To support these workloads efficiently, large technology companies have 
built multi-tenant GPU clusters that facilitate resource sharing and 
minimize waste. However, achieving resource efficiency in such clusters 
presents significant challenges, particularly due to GPU resource 
fragmentation. This dissertation tackles the problem of GPU resource 
fragmentation from multiple perspectives, addressing key issues such as 
resource underutilization due to overestimation, stranded resources due to 
shortages in other dimensions, and inefficiencies due to resource 
mismatches.

To address internal fragmentation caused by overprovisioning, this 
dissertation introduces Morphling, a fast and near-optimal 
auto-configuration framework for tuning hardware and runtime parameters 
(e.g., GPU type, GPU memory, batch size).
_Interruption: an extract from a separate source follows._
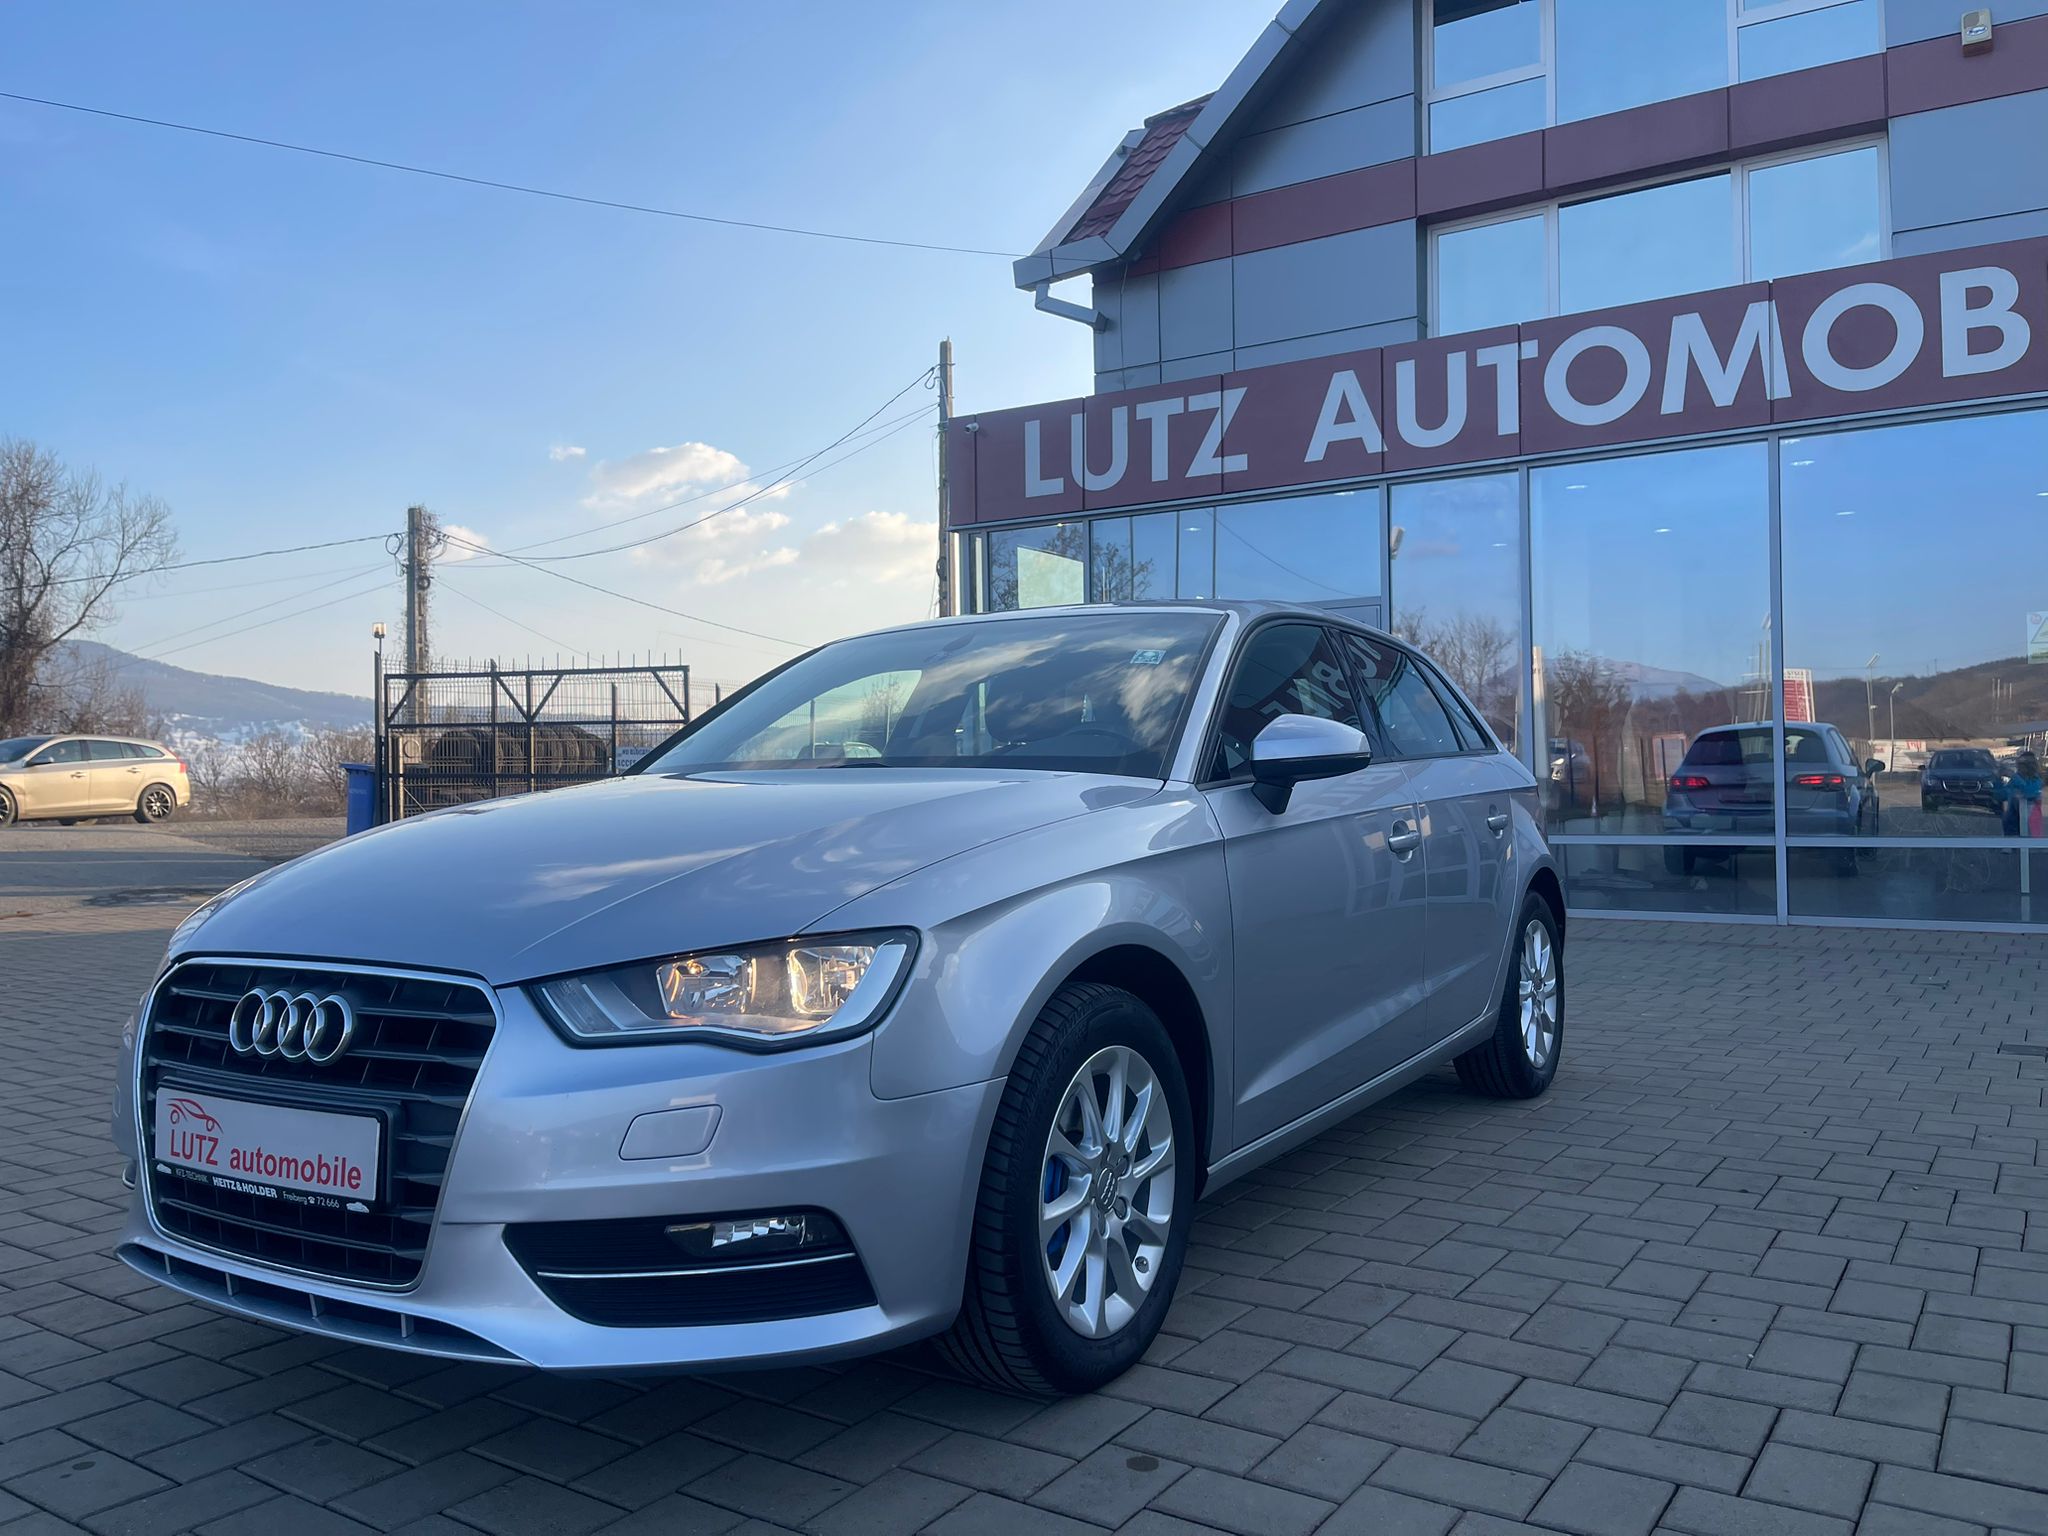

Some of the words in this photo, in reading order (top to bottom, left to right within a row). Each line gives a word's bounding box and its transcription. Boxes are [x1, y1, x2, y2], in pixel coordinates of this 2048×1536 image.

Morphling employs an offline 
meta-model to capture general performance trends across configurations and 
adapts this model to new inference services with minimal sampling. Morphling 
effectively reduces overestimation by enabling precise, service-specific 
resource allocation.

To mitigate external fragmentation caused by stranded resources, the 
dissertation proposes a novel statistical measure for quantifying GPU 
fragmentation across resource dimensions. Building on this measure, a 
scheduling policy called Fragmentation Gradient Descent (FGD) is introduced, 
which minimizes the growth of resource fragmentation. Compared to 
traditional packing-based schedulers, FGD achieves higher GPU allocation 
efficiency.

To resolve external fragmentation caused by resource mismatches, the 
dissertation presents Prism, a serving system tailored for deep learning 
recommendation models (DLRMs). Prism leverages resource disaggregation by 
partitioning DLRMs into CPU- and GPU-intensive subgraphs, which are then 
scheduled on CPU and GPU servers for disaggregated serving. Prism reduces 
resource fragmentation in high-allocation GPU clusters and enables efficient 
capacity loaning from training clusters during peak demand (e.g., seasonal 
e-commerce promotions).


Date:                   Friday, 20 June 2025

Time:                   4:00pm - 6:00pm

Venue:                  Room 3494
                        Lifts 25/26

Committee Members:      Dr. Wei Wang (Supervisor)
                        Prof. Bo Li (Chairperson)
                        Dr. Binhang Yuan